Managers often team up with private equity investors to purchase businesses or subsidiaries, divisions or product lines of corporations, using a combination of debt and equity financing. This is one of the most powerful methods for enriching the entrepreneurial spirit of professional managers.
Management buyouts represent the opportunity of a lifetime. After playing a critical role in building their company, managers often consider buying their company as the natural next step in the progression of the company's ownership. For most managers, a company buyout is the fulfillment of their dreams. However, successfully pursuing and implementing a management buyout is one of the most difficult jobs a manager will ever tackle.
Managers are experts at running their companies, but most managers have little experience making an acquisition. Management buyouts generally occur in a short time frame and require substantial and multiple sources of capital as well as legal, accounting, environmental and other professional support.

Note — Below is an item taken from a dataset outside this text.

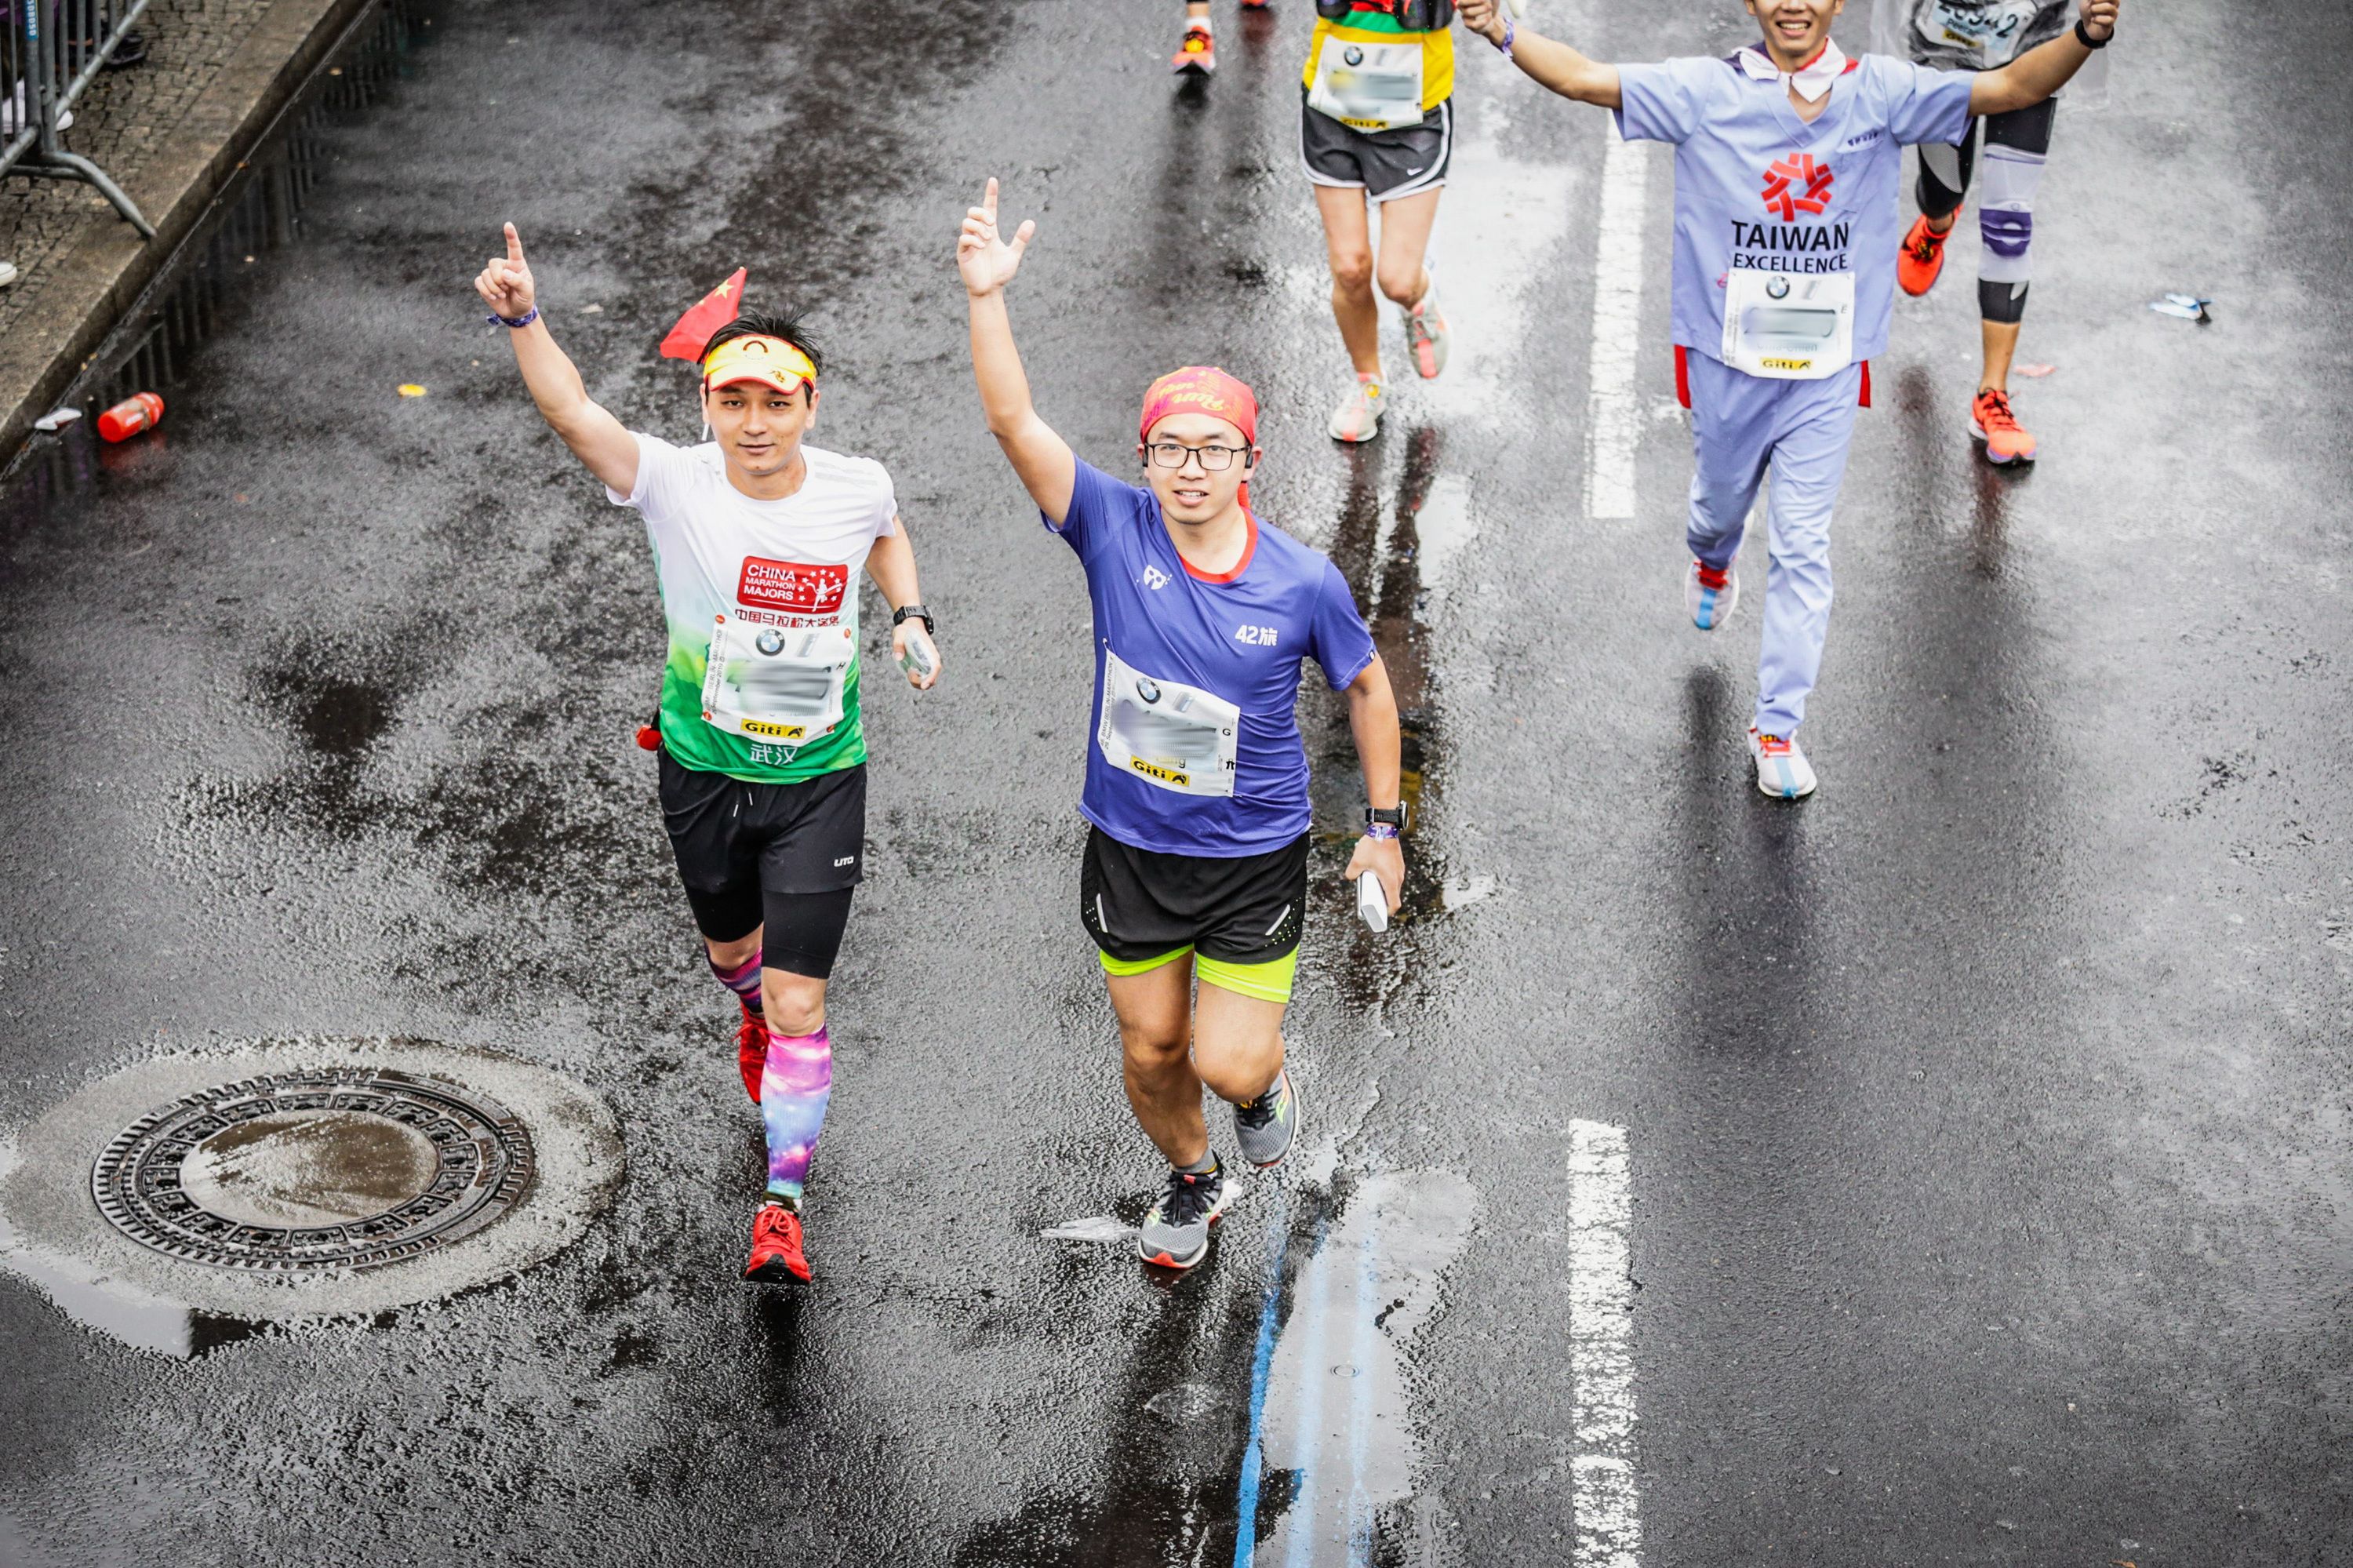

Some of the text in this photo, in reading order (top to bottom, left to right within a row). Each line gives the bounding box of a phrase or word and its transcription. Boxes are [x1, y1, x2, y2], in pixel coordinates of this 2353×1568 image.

Employee buyouts are one of the most fascinating developments in the world of corporate finance. They had their beginnings in the early 1970s after Employee Stock Ownership Plan (ESOP) regulations were codified in the law as part of the ERISA legislation in 1974. An Employee buyout involves owners of a company selling a majority of their stock to its employees through an ESOP structured corporate transaction.
Employee buyouts can turn around failing companies, increase the cash flows of good companies, motivate employees to outperform their competition, reduce or eliminate corporate taxes for years, and provide a tax-advantaged investment for employees. In the highest of capitalist traditions, employee buyouts can also transfer wealth in a free market transaction to the employees who have spent their careers building the company.
Countless studies have shown that employee ownership motivates employees to improve their productivity, the quality of their work and the competitiveness of their company. ESOP financing provides a whole series of benefits to the owners of a company, to the company itself and to the employees.
Leveraged ESOP financing can allow an owner to sell all or a portion of his or her stock to the employees and indefinitely defer capital gains taxes. This has the added impact of reducing the company's taxes while it provides employees with tax sheltered ownership of the company's stock.
Every company that deploys a product or service through a large and expensive distribution system will be confronted over the next ten years with a major distribution dilemma. Should the company continue to market through its existing distribution system or should it dramatically reduce costs by turning instead to the Internet to distribute and market its product or service? A direct market distribution strategy will require significant investment in expertise, structures and systems that many executives today cannot fathom. Additional funding may be required to make the business transition.
There are many situations in which a company may need to be recapitalized. As the word implies, a recapitalization involves an infusion of capital and, potentially, certain parties taking money out of the company. This occurs when a shareholder sells his or her stake in the company or when existing debt providers are being replaced. In any recapitalization, the company must perform many of the same tasks as it would have in an acquisition or buyout.
A rollup is a strategy of buying several companies at once, or in rapid succession, in one industry to gain a variety of corporate benefits, such as economies of scale, broader product line, cheaper financing, greater diversity of customer base, etc. Rollups are very complicated transactions that should be implemented by a highly experienced team of professionals. Experienced sources of capital are critical to implement a rollup on the timetable necessary to achieve success. However, rollups can be considered to consist of a number of the above discussed transactions (or combinations thereof) executed within a narrow time horizon.